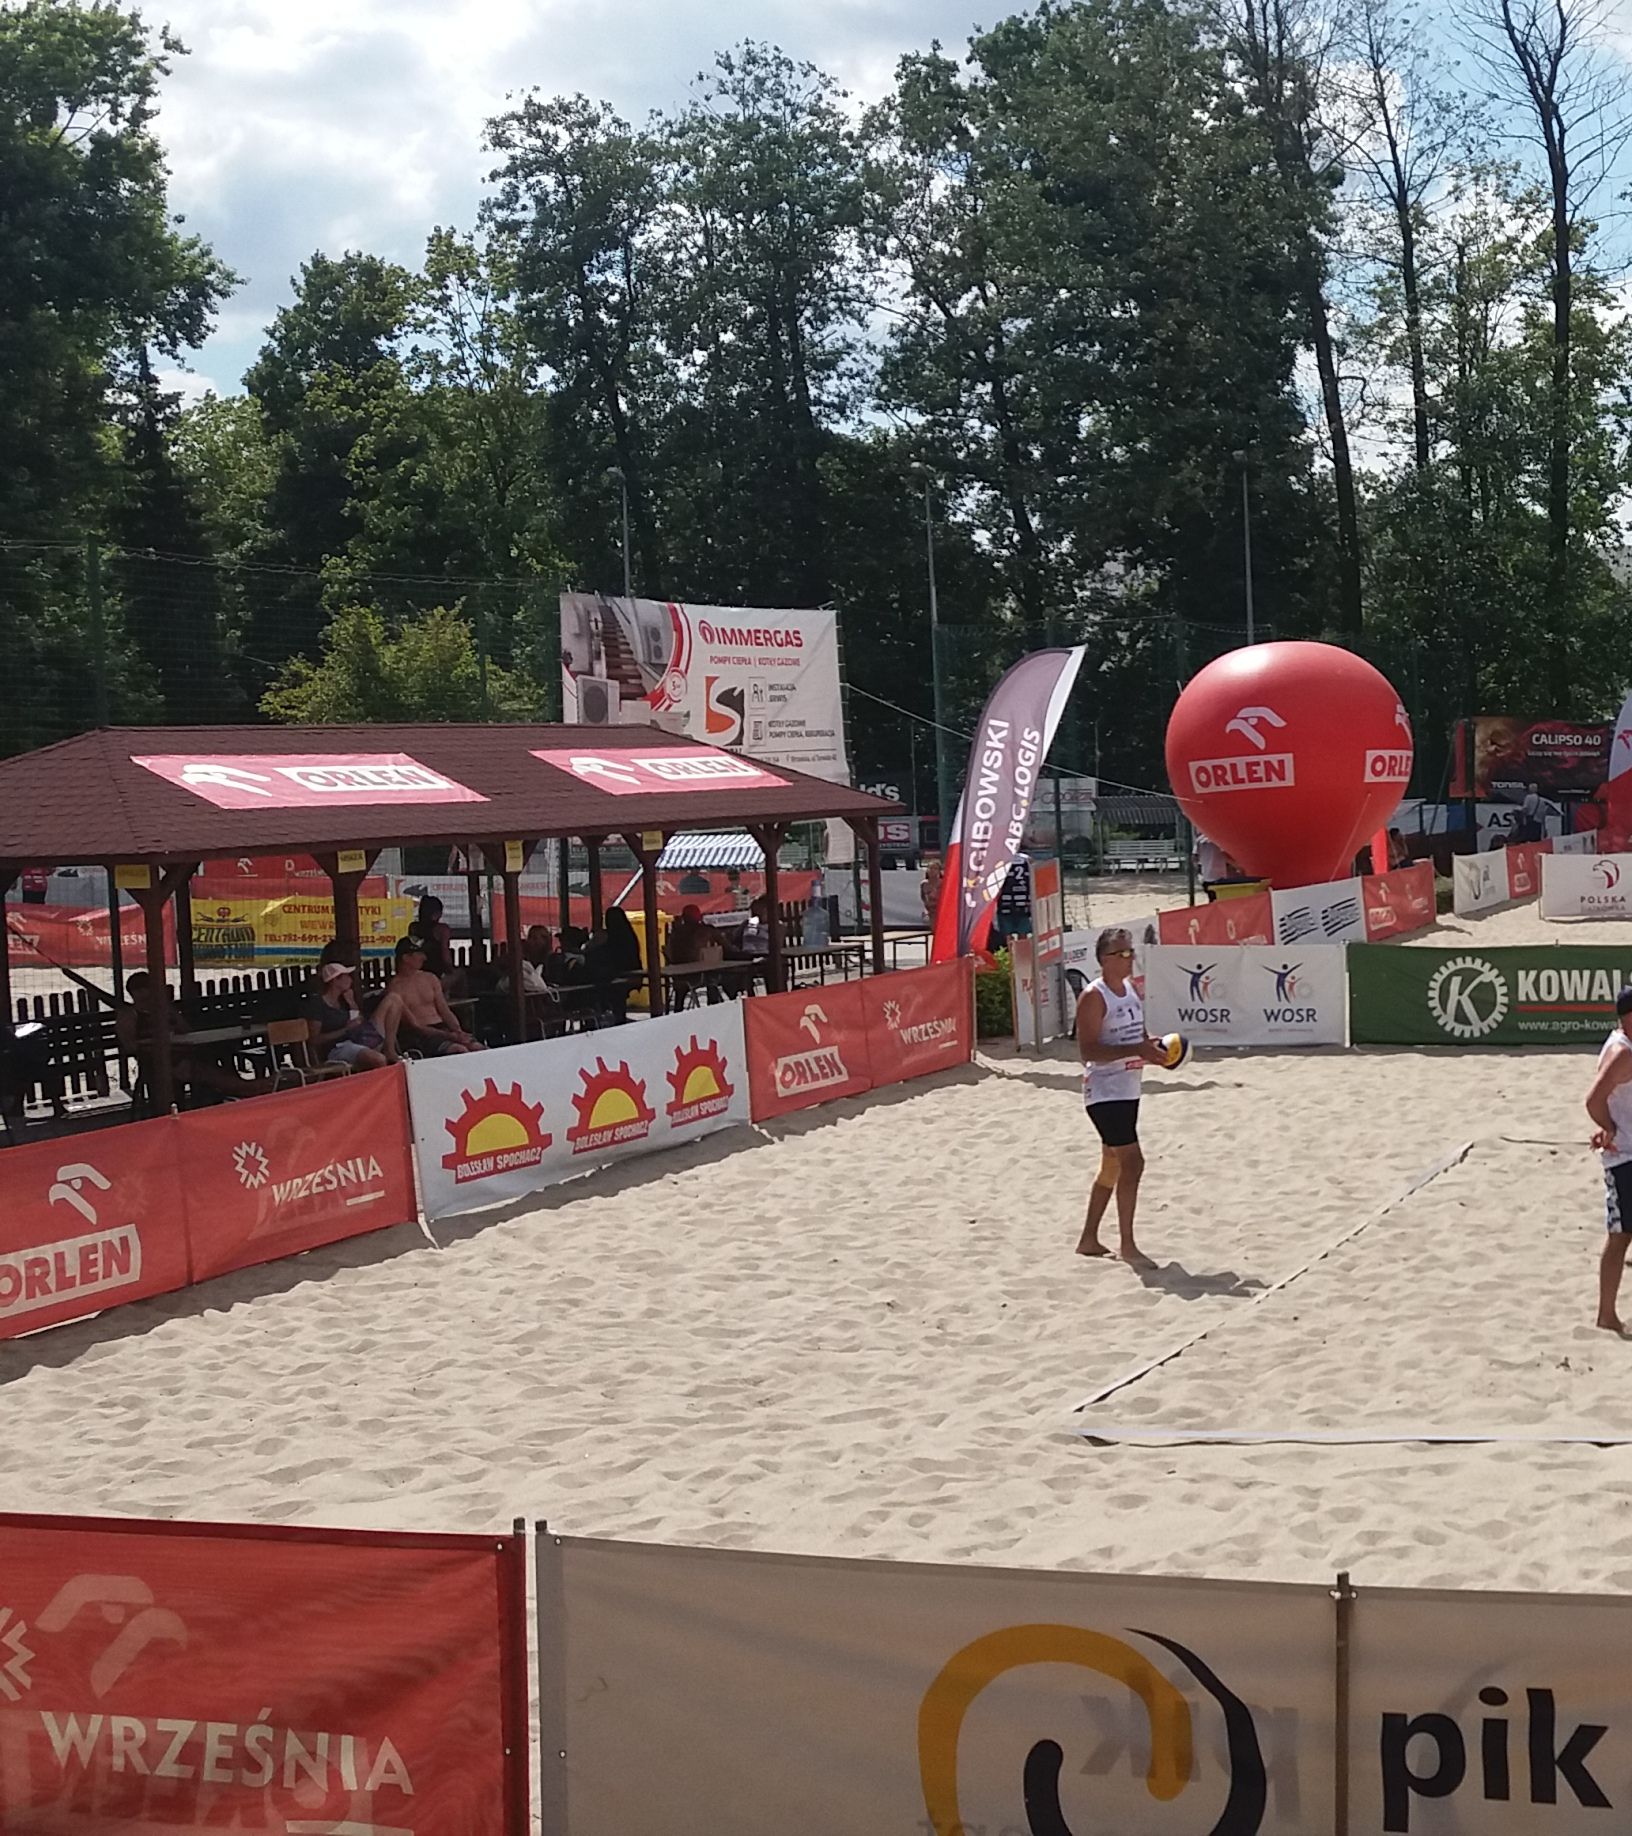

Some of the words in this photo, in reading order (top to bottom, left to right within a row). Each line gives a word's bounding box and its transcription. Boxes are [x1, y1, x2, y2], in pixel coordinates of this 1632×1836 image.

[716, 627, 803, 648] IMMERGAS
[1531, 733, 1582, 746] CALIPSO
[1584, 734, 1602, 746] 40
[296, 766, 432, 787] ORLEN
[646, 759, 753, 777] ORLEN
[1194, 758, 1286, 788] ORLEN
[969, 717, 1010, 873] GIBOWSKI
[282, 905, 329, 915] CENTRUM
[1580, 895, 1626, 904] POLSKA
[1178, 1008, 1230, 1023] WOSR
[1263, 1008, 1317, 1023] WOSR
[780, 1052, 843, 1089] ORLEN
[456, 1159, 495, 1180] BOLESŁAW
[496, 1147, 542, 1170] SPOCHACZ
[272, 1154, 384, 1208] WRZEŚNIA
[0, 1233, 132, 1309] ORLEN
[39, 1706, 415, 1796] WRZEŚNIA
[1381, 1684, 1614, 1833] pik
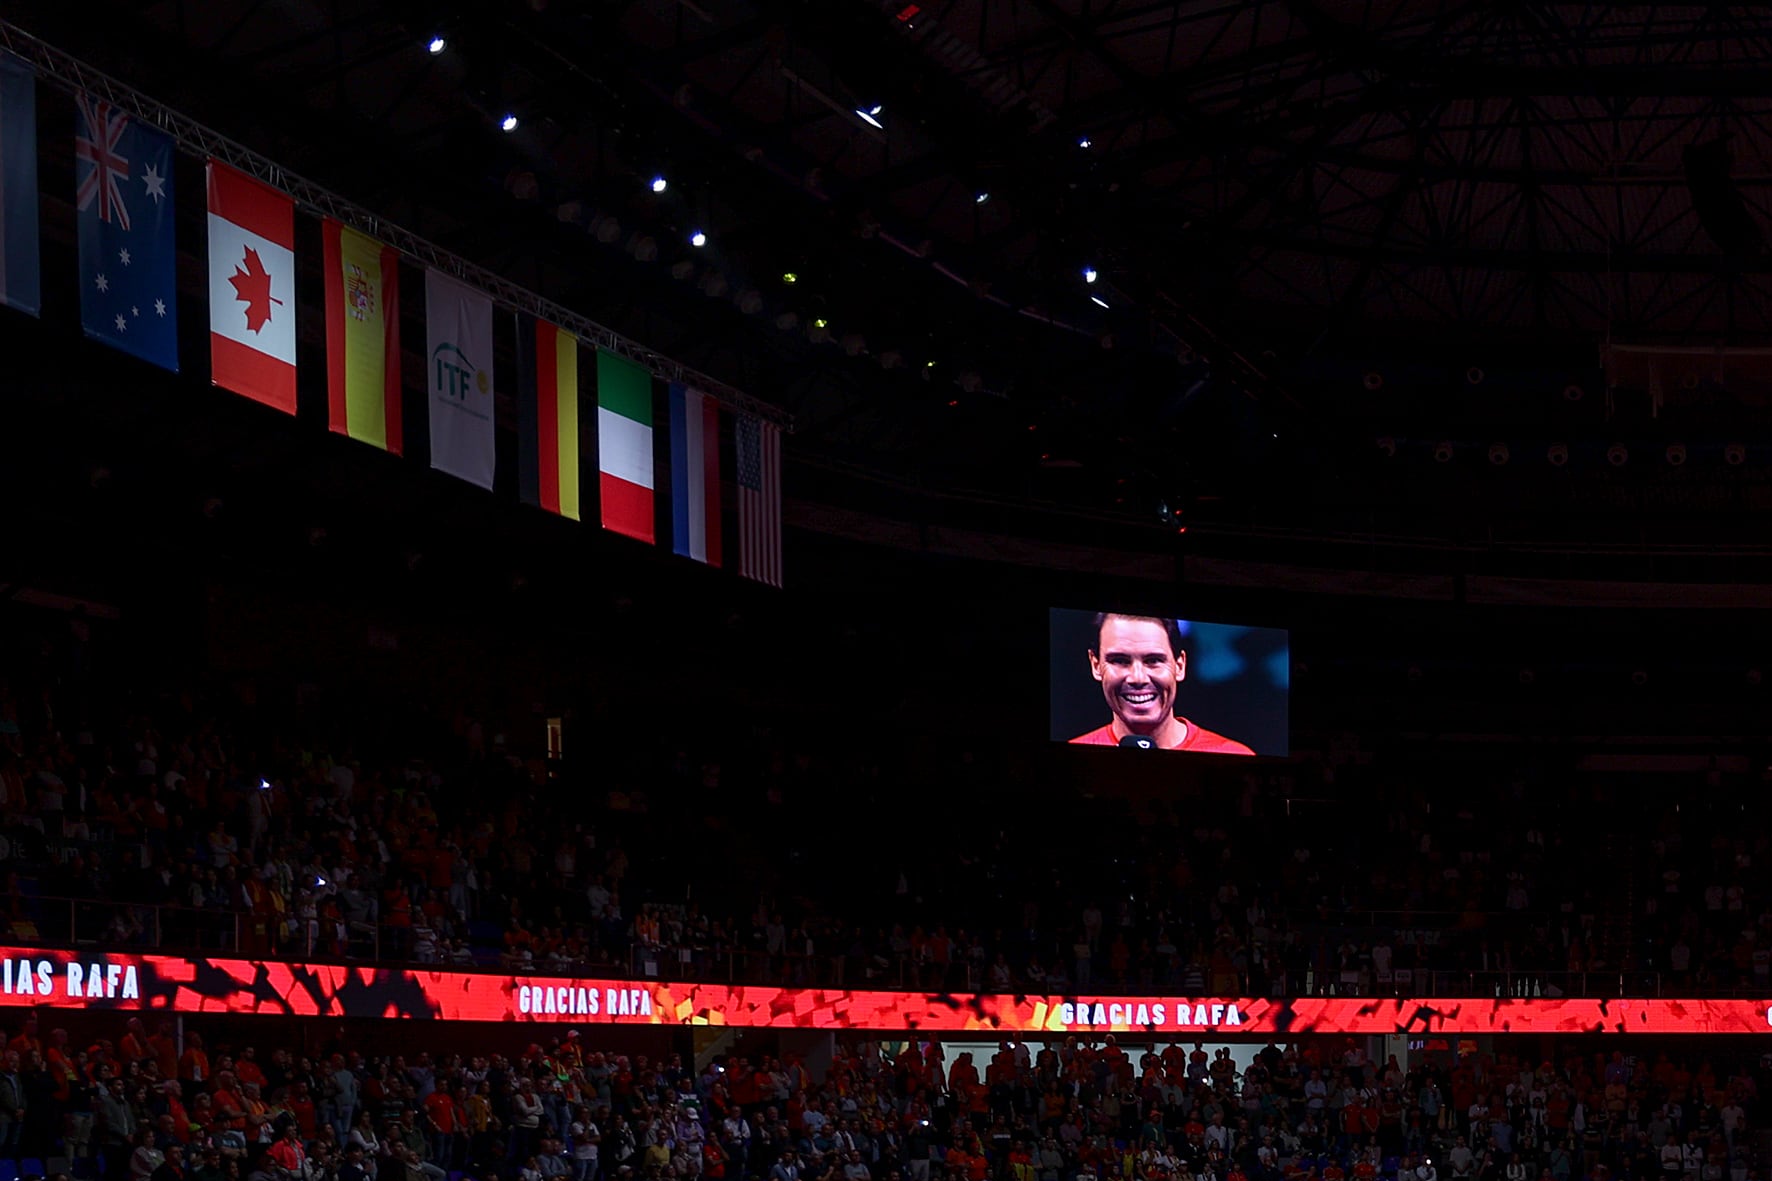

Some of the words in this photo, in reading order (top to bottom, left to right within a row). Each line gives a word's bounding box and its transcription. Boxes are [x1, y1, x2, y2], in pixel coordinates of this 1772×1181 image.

* Task to carry out
A word-for-word copy of all the records above is required, with the pictures left out.

* Solution
Some of the words in this photo, in reading order (top to bottom, left to right within a row). Each line gives a word's bounding box and its transcription. Boxes are [x1, y1, x2, y2], in pixel coordinates of this 1632×1836 image.

[716, 627, 803, 648] IMMERGAS
[1531, 733, 1582, 746] CALIPSO
[1584, 734, 1602, 746] 40
[296, 766, 432, 787] ORLEN
[646, 759, 753, 777] ORLEN
[1194, 758, 1286, 788] ORLEN
[969, 717, 1010, 873] GIBOWSKI
[282, 905, 329, 915] CENTRUM
[1580, 895, 1626, 904] POLSKA
[1178, 1008, 1230, 1023] WOSR
[1263, 1008, 1317, 1023] WOSR
[780, 1052, 843, 1089] ORLEN
[456, 1159, 495, 1180] BOLESŁAW
[496, 1147, 542, 1170] SPOCHACZ
[272, 1154, 384, 1208] WRZEŚNIA
[0, 1233, 132, 1309] ORLEN
[39, 1706, 415, 1796] WRZEŚNIA
[1381, 1684, 1614, 1833] pik

Some of the words in this photo, in reading order (top to bottom, left to right within a row). Each line gives a word's bounding box and its transcription. Boxes are [x1, y1, x2, y2], in pixel coordinates of this 1772×1181 image.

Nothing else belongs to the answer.